Aim of the task>
Please return every line of the material verbatim and skip any images.

Extracted data>

=== Section Start ===

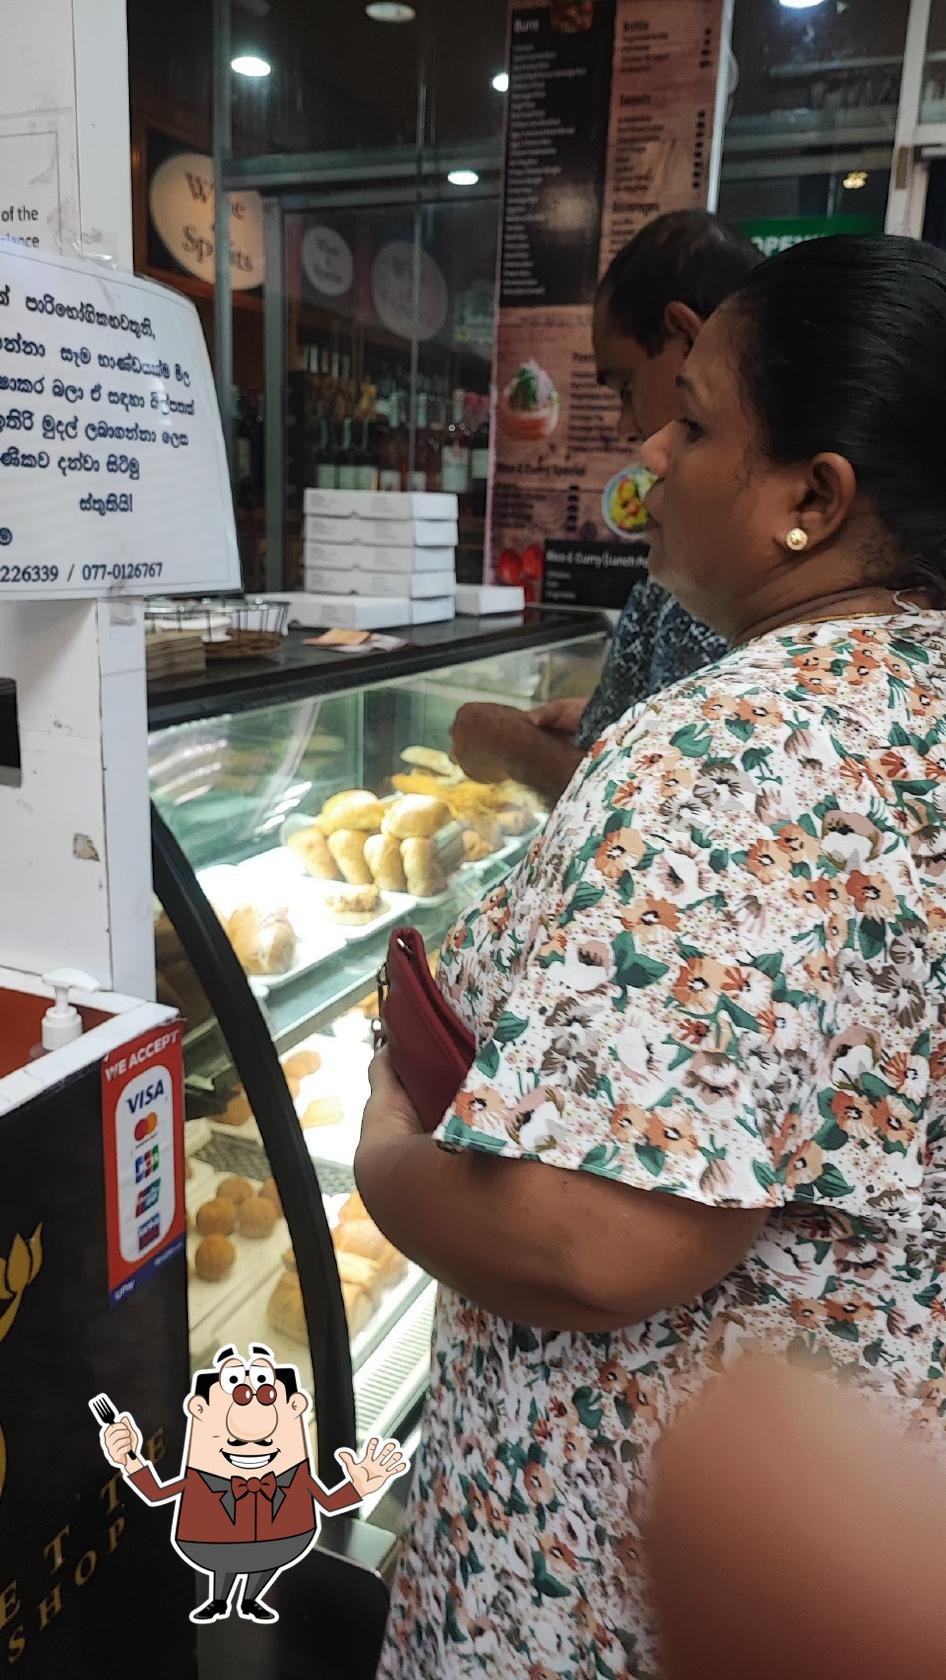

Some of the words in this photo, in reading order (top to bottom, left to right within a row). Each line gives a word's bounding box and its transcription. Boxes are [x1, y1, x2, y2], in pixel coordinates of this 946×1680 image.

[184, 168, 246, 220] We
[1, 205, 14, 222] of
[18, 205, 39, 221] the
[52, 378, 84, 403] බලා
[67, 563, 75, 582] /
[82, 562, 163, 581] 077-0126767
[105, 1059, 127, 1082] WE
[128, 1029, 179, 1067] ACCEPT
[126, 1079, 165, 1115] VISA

=== Section End ===

Written response>
Some of the words in this photo, in reading order (top to bottom, left to right within a row). Each line gives a word's bounding box and its transcription. Boxes are [x1, y1, x2, y2], in pixel coordinates of this 946×1680 image.

[184, 168, 246, 220] We
[1, 205, 14, 222] of
[18, 205, 39, 221] the
[52, 378, 84, 403] බලා
[67, 563, 75, 582] /
[82, 562, 163, 581] 077-0126767
[105, 1059, 127, 1082] WE
[128, 1029, 179, 1067] ACCEPT
[126, 1079, 165, 1115] VISA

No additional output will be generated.